Уже поминали мы тех, кто осмеливался не голосовать за казнь Промпартии. А кто–то же ушёл на Архипелаг и за защиту своих неприметных сослуживцев. Сын в отца: сын того Ро–жанского, Иван, пострадал и сам за защиту своего сослуживца Копелева. На партсобрании ленинградского Детгиза поднялся М.М.Майслер и стал защищать «вредителей в детской литературе» — тотчас же он был и исключён, и арестован. Ведь знал, на что шёл! А в военной цензуре (Рязань, 1941) девушка–цен–зорша порвала криминальное письмо неизвестного ей фронтовика, — но заметили, как она рвала в корзину, сложили из кусочков — и посадили её самоё. Пожертвовала собой для неизвестного дальнего человека! (И я–то узнал — лишь потому, что в Рязани. А сколько таких неузнанных случаев?..)[384]

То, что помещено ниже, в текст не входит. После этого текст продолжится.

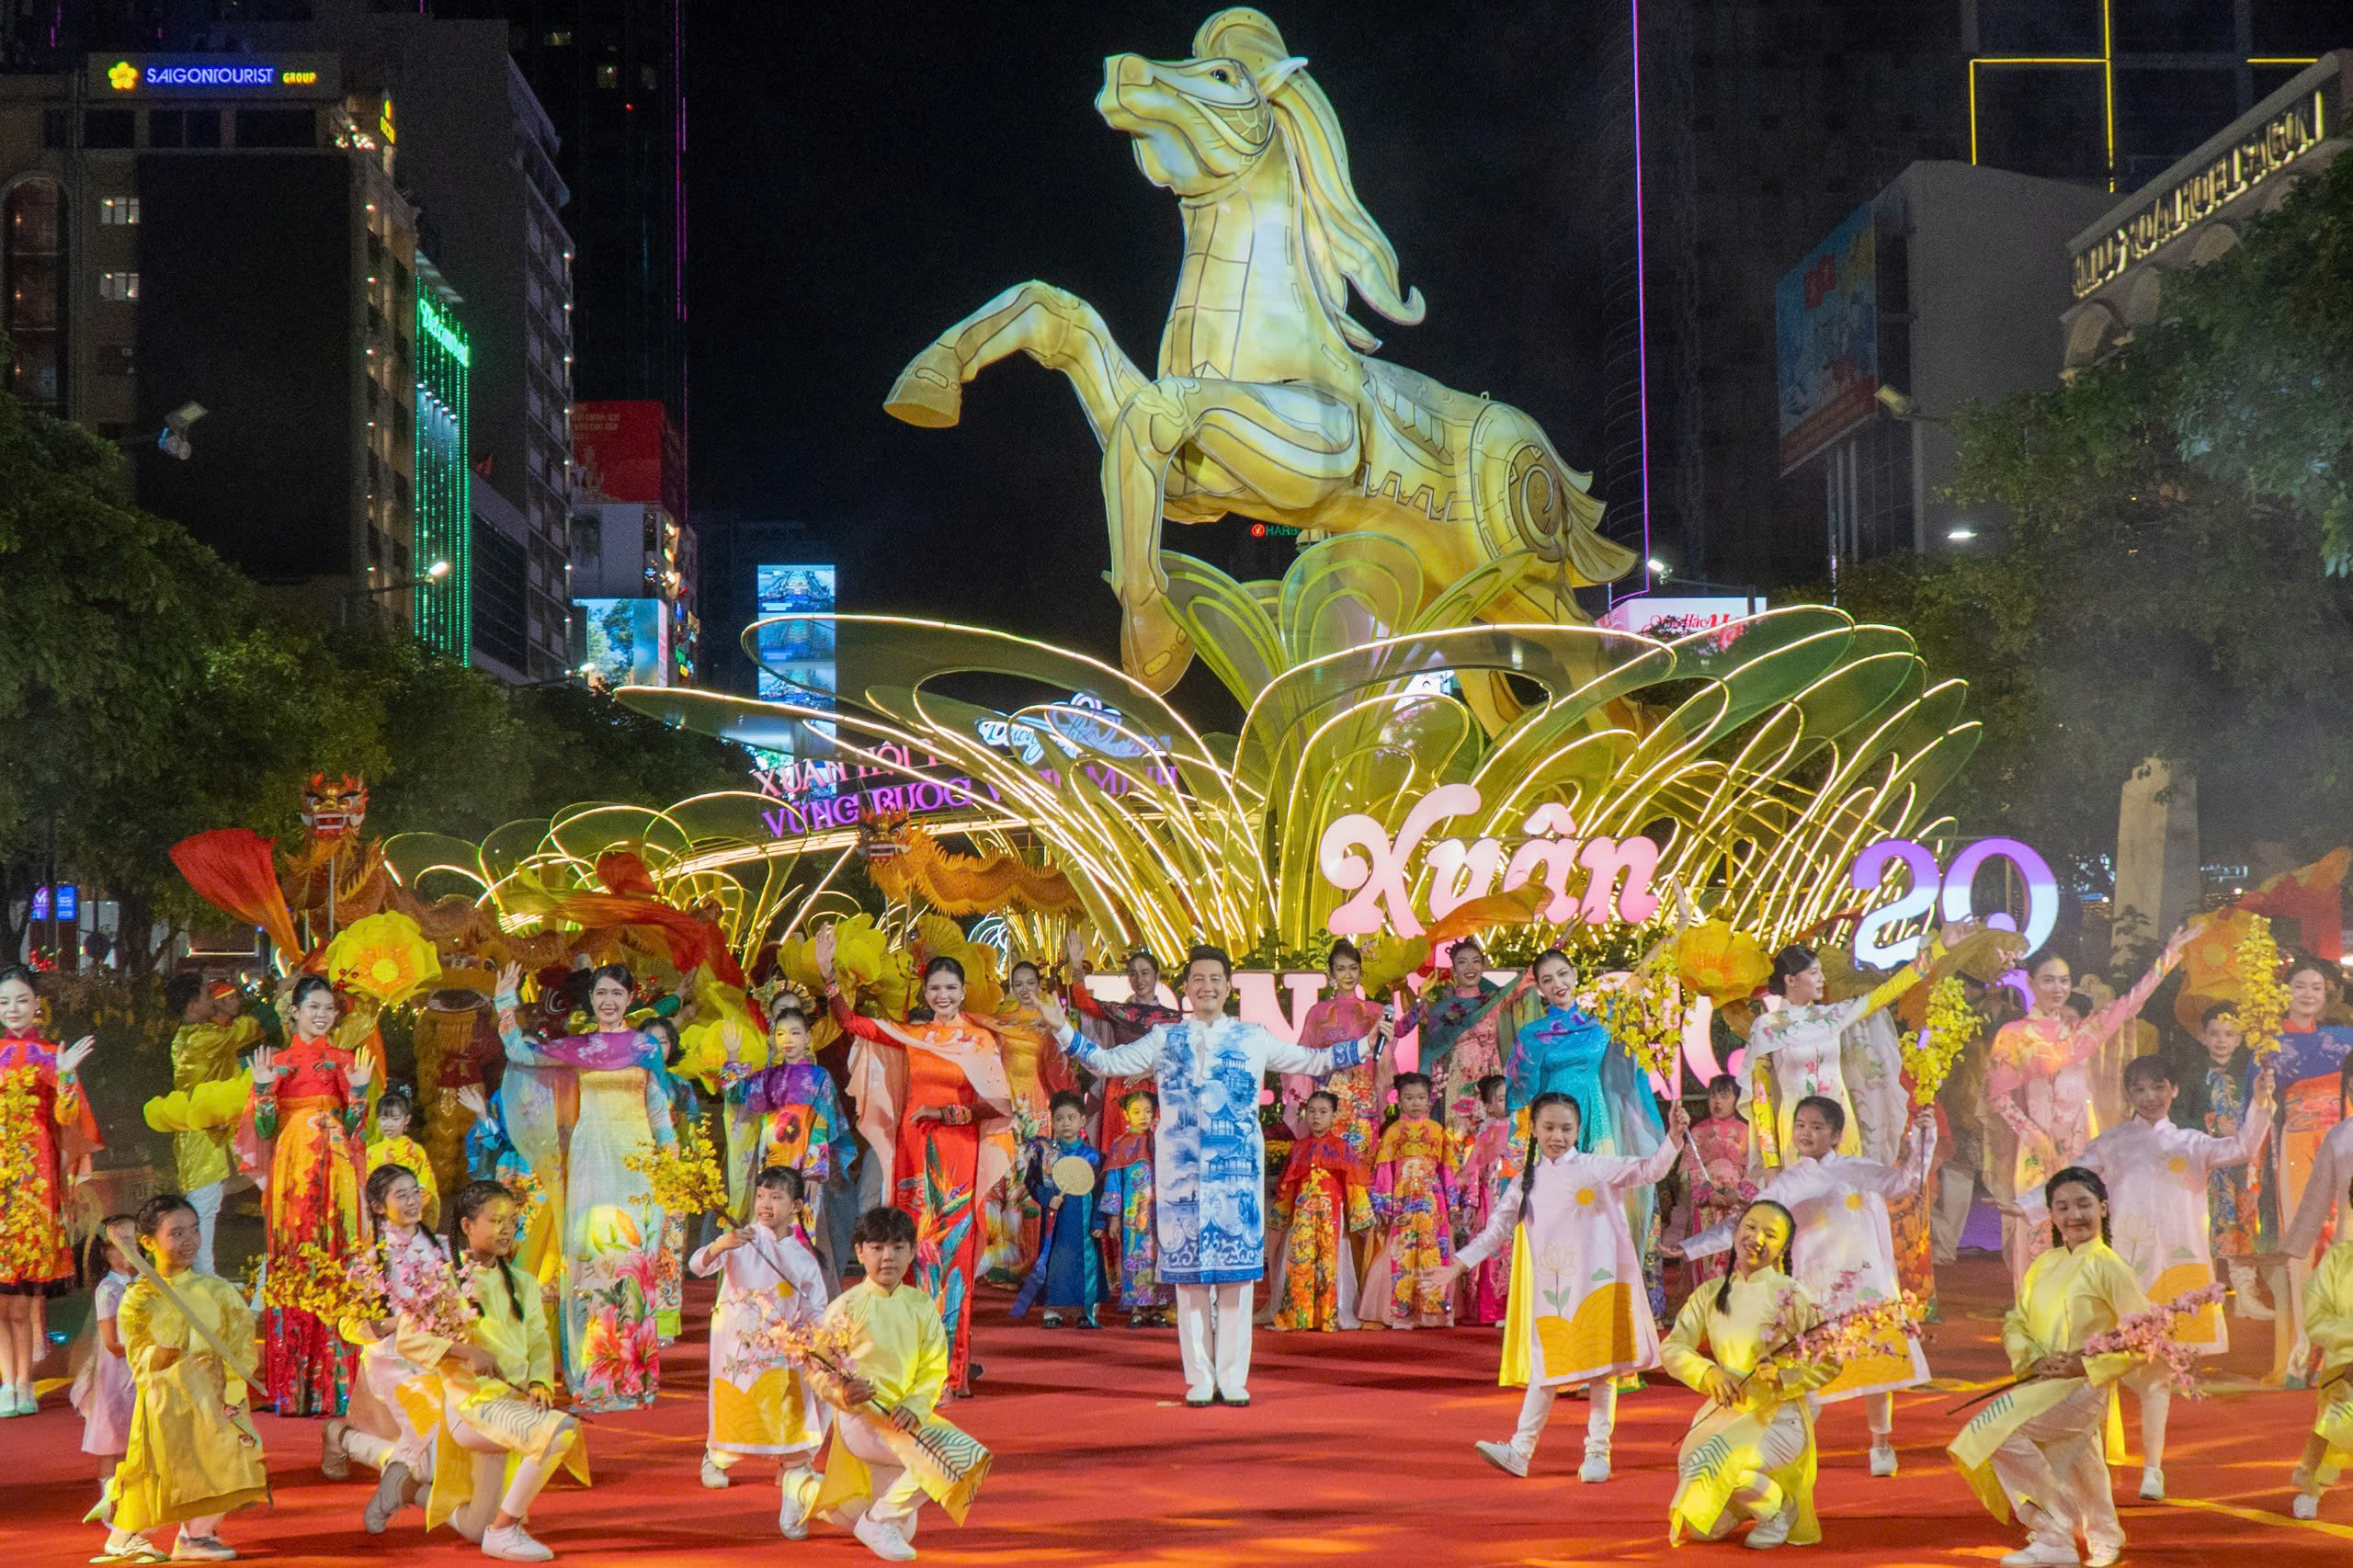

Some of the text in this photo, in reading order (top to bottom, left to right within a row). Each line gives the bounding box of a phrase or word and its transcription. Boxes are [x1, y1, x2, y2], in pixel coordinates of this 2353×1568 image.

Теперь приудобились выражаться (Эренбург), что посадка была— лотерея. Лотерея–то лотерея, да кой–какие номерки и помеченные. Заводили общий бредень, сажали по цифровым заданиям, да, — но уж каждого публично возражавшего тяпали в ту же минуту! И получался душевный отбор, а не лотерея! Смельчаки попадали под топор, отправлялись на Архипелаг — и не замучалась картина однообразно–покорной оставшейся воли. Все, кто чище и лучше, не могли состоять в этом обществе, а без них оно всё более дряннело. Эти тихие уходы— их и совсем не приметишь. А они— умирание народной души.
Растление. В обстановке многолетнего страха и предательства уцелевшие люди уцелевают только внешне, телесно. А что внутри — то истлевает.
Вот и соглашались миллионы стать стукачами. Ведь если пересидело на Архипелаге за 35 лет (до 1953), считая с умершими, миллионов сорок (это скромный подсчет, это — лишь трёх–или четырёхкратное население ГУЛАГа, а ведь в войну запросто вымирало по проценту в день), то хотя бы по каждому третьему, пусть пятому делу есть же чей–то донос, и кто–то свидетельствовал. Они все и сегодня среди нас, эти чернильные убийцы. Одни сажали ближних из страха — и это ещё первая ступень, другие из корысти, а третьи— самые молодые тогда, а сейчас на пороге пенсии, — предавали вдохновенно, предавали идейно, иногда даже открыто: ведь считалось классовой доблестью разоблачить врага. Все эти люди — среди нас, и чаще всего благоденствуют, и мы ещё восхищаемся, что это — «наши простые советские люди».
Рак души развивается скрыто и поражает именно ту её часть, где ждёшь благодарности. Фёдор Перегуд вспоил и вскормил Мишу Иванова: ему негде было работать— он устроил его на тамбовском вагоноремонтном заводе и обучил делу; ему жить было негде— он поселил его у себя как родного. И Михаил Дмитриевич Иванов подаёт заявление в НКВД, что Фёдор Перегуд за домашним столом хвалил немецкую технику. (Надо знать Фёдора Перегуда— он был механик, моторист, радиет, электрик, часовой мастер, оптик, литейщик, модельщик, краснодеревщик, до двадцати специальностей. В лагере он открыл мастерскую точной механики; потеряв ногу, сделал сам себе протез.) Пришли брать Перегуда— прихватили в тюрьму и 14–летнюю дочь, — и всё это на счету М.Д. Иванова! На суд он пришёл чёрный: значит, гниющая душа проступает иногда на лице. Но скоро бросил завод, стал открыто служить в ГБ. Потом за бездарностью был спущен в пожарную охрану.